It is a perennial ground-hugging herb forming clumps or mats of hairless green herbage, sometimes vaguely resembling a patch of moss. The stems root readily at the stem nodes, enabling it to spread widely by vegetative reproduction. The leaves are linear, and up to 1–2 cm long. The inflorescence is a solitary, minute flower with four or five sepals and four or five small white petals, but the petals are sometimes absent; they have 4 free stigmas. The fruit is a small capsule which releases black seeds.

==As an invasive species==
Outside of its native range, it can be found widely across much of North and South America, and locally in northeast Asia. In 1998 numerous well-developed plants were found on the UNESCO World Heritage Site of Gough Island, where it is an introduced species. Given the island's remoteness, seeds were most likely introduced from visitors' footwear and/or clothing. Without control the plant will very likely transform the ecosystem of the island's uplands, as it has already done on the Prince Edward Islands, where it has spread at a rate of 100 m to 300 m per year and is now considered beyond control. Eradication programs on Gough Island are expected to require years of 'concerted effort'. By 2010, through removing plants manually with some soil and then treating the area with boiling water, it had been restricted to one small area of coastal cliffs. As a result, the seed load had been reduced in a decade by 3 orders of magnitude. This nevertheless could result in 200 plants germinating per square metre. To reduce the population further, a study indicated that a combination of soil removal and herbicide could be effective.

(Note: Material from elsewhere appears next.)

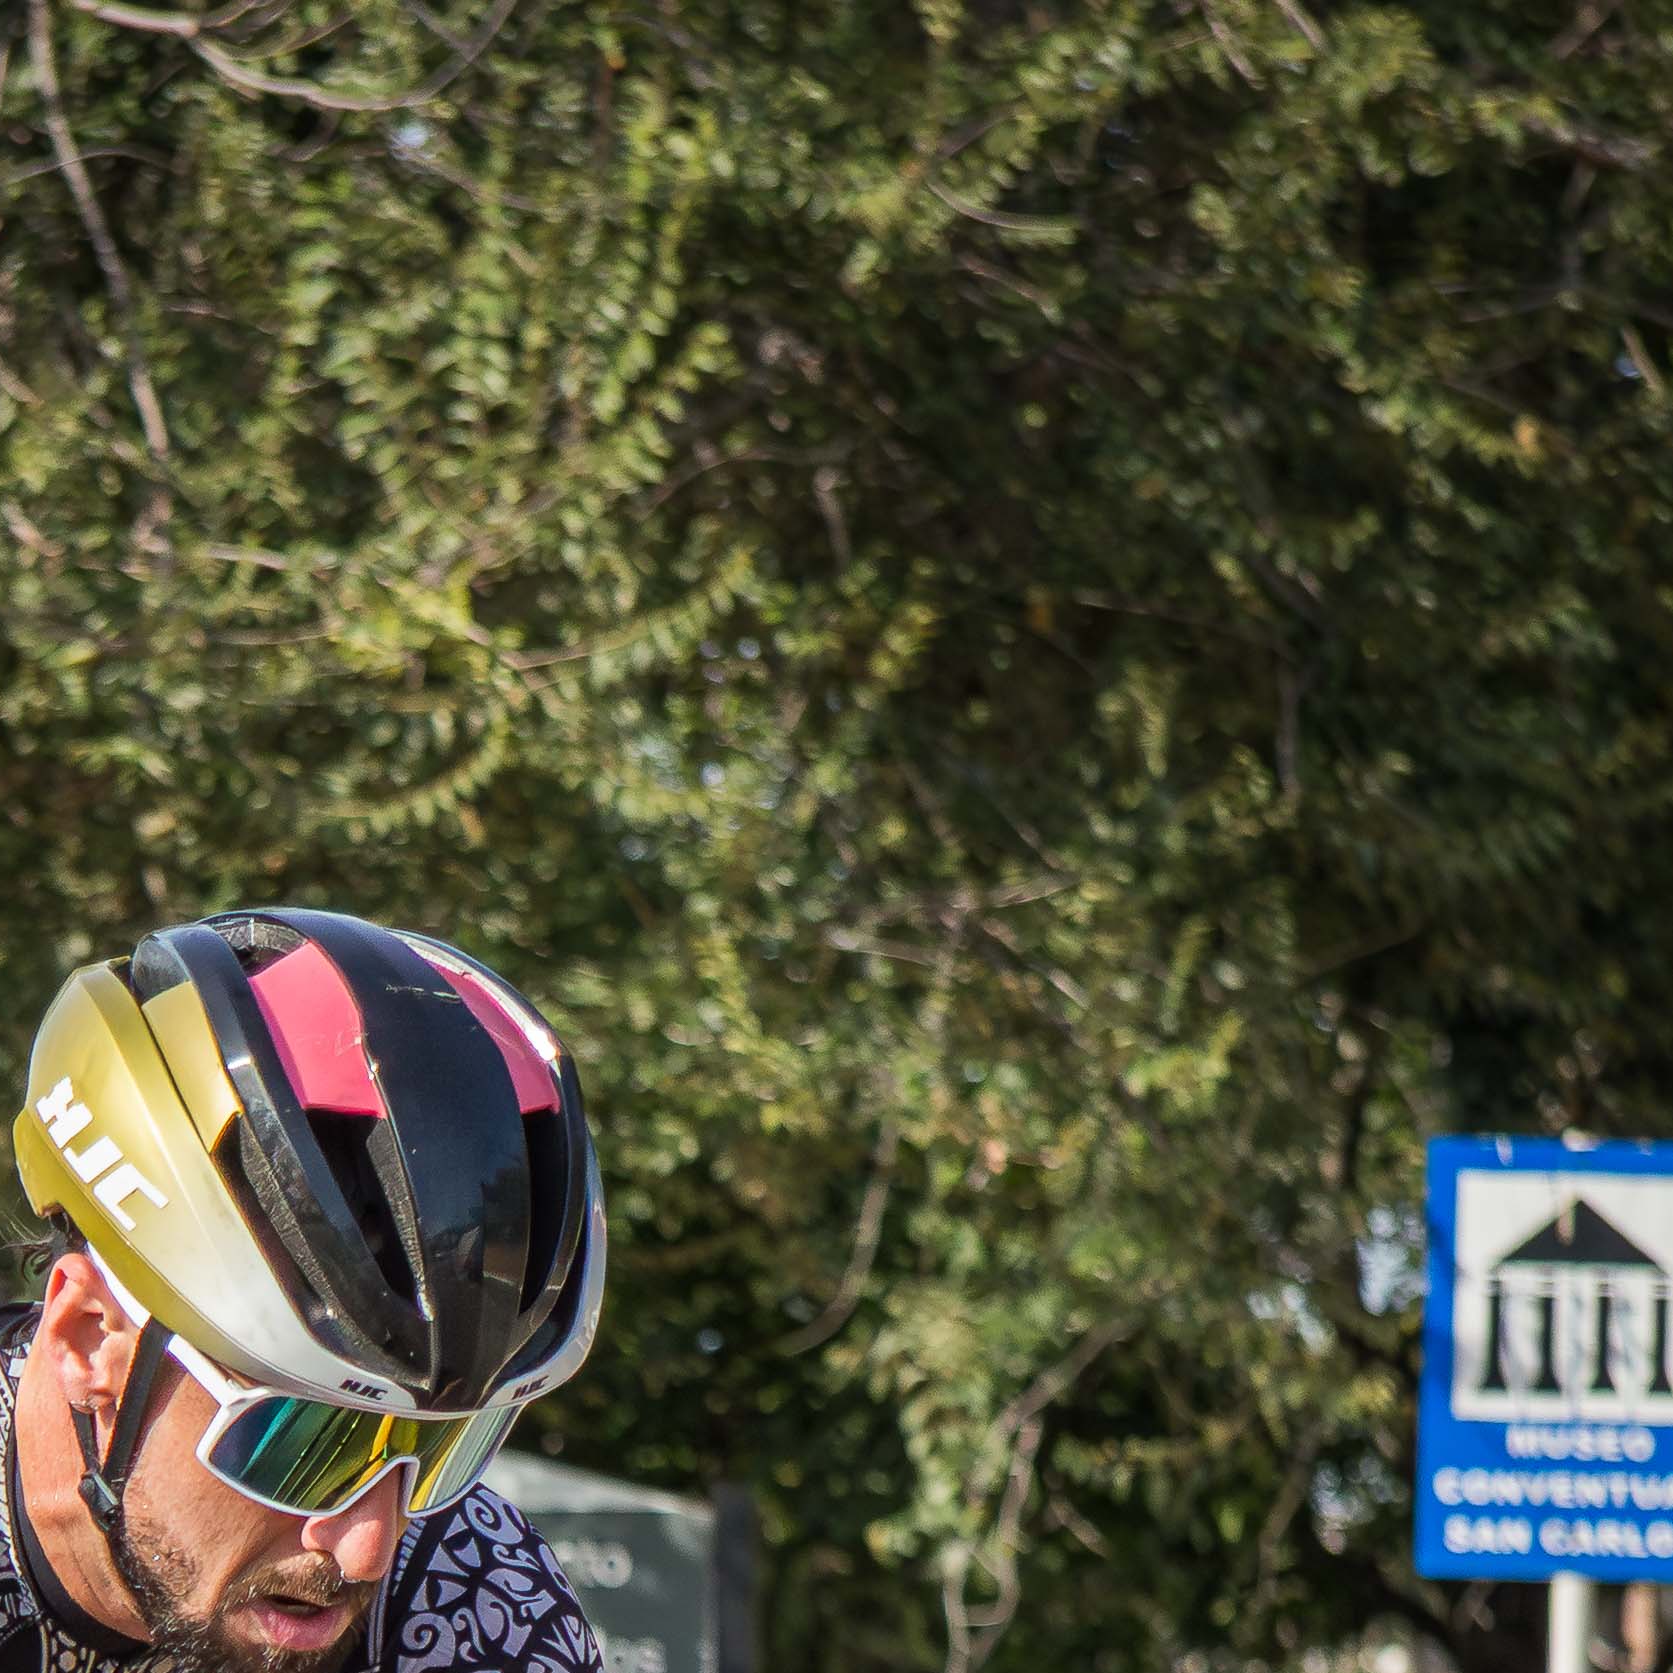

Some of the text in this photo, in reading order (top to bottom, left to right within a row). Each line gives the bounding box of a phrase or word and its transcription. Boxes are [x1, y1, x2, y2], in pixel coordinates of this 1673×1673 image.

==Role in myths, magic and legends of Great Britain==
It is said to have been the first plant on which Christ set his foot when he came to Earth, or when he rose from the dead. In the highlands of Scotland it was supposed to have derived supernatural powers from having been blessed by Christ, St Bride and St Columba. A spray of it hung from the door lintel gave protection against fairies, especially those who made a practise of taking people away. If pearlwort were stuck in a bull's fore-hooves, the cows with which it mated and the calves and the milk they produced were safeguarded from ills. If a cow ate the herb, its calves and milk, and all who drank the milk, were also protected against fairies. For the young village maiden, pearlwort brought a bonus. If drunk in an infusion, or used merely to wet the lips, it would attract her favoured lover, and if a piece of it were in the girl's mouth when she kissed him, he was bound to her for ever.

==Etymology==
Sagina means 'fodder'; the genus was named after a fodder plant, spurrey, which has since been moved into its own genus, Spergula. The species name procumbens means 'procumbent', 'lying flat on the ground' The English name 'pearlwort' is first known from John Ray's 1660 Catalogus plantarum: 151; he did not explain its origin or derivation.

Other recorded names include "birdeye pearlwort" and "matted pearlwort".